Mindfulness has become a bit of a buzzword in recent years, and all for good reasons! Study after study has shown that adopting a regular mindfulness practice can significantly reduce levels of stress, and can make a positive impact on mental and physical well-being.
So what is mindfulness?
Mindfulness is learning to focus our attention in the present moment.
Benefits of mindfulness:
- Reduced stress and anxiety levels
- Increased focus and concentration
- You learn to be more aware of your senses
- You’re able to react more calmly to stressful, unforeseen situations
- You begin to be more present by living in the now
- Increased happiness
- Become more self-aware
- Boost in working memory
- Increased empathy and compassion
I’ll be the first to admit that when I started meditating and incorporating mindfulness into my lifestyle 8 years ago it was a challenge. It’s like anything in life, it takes time, practice and patience, but over time we gain many benefits.

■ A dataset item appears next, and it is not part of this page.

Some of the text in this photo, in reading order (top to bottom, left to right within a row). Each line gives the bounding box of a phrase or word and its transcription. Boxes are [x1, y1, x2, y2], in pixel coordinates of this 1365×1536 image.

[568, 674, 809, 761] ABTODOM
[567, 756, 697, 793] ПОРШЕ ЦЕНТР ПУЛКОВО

Mindfulness is something I talk about with all my clients. I see many clients trying to lose weight, improve their digestive system, sleep habits, increase their energy levels. Many of them have an amazing diet and exercise regularly but often their stress levels are so high and they are constantly feeling overwhelmed, that this is a main causative factor in them not being able to reach their health goals.

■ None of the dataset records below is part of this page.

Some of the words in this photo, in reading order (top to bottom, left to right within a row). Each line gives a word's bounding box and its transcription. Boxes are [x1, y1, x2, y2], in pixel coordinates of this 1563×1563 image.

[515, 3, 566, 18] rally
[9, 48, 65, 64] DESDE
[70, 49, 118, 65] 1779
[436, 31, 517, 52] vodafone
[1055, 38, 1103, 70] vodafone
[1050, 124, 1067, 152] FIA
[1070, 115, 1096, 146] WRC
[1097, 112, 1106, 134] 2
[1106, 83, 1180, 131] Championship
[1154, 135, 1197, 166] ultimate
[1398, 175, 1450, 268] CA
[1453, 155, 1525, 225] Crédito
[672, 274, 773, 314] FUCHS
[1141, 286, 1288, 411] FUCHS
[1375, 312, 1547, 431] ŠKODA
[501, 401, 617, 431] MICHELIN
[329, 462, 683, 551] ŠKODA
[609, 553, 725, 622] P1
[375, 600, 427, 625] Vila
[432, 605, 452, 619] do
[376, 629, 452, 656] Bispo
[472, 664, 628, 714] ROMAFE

When you’re stressed your body isn’t able to break down food effectively, often leading to bloating, constipation, which can lead to irritability, anxiety, weight gain, even hormonal imbalances. An overactive mind can lead to troubles falling asleep at night. I can’t emphasize enough the importance of mindfulness in our daily lives.
Here are 6 ways you can incorporate mindfulness practices into your week.
Give yourself a challenge and see if you can do one of these over the next week.
- Put your legs up against the wall for 15 minutes – this is my personal fave! It’s a great way to slow down and shift your nervous system from the ‘fight or flight’ mode into the ‘rest and digest’ mode. I like to do this before bed. I simply put on a 15-minute guided meditation track on youtube and focus on my breath.
- Have a bath - heck why not add 1 cup of Epsom salts for an extra cleansing and detox ritual. You could do this 2-3x a week, light some candles, read a book, listen to some soothing music or just sit in silence.
- Go for a walk in outside in nature for 30 minutes - without headphones, just be present with yourself and your surroundings.
- Read a book in bed before you go to sleep - dim the lights and put on a candle so eventually you can nod off and go into a deep restful sleep.
- Breath diaphragmatically (from your belly) - letting your belly rise and fall for 5 minutes, focus on your breath (breathing in, hold for a couple of counts, breathe out, repeat this over and over).
- Go to a yin yoga class - or practice one at home.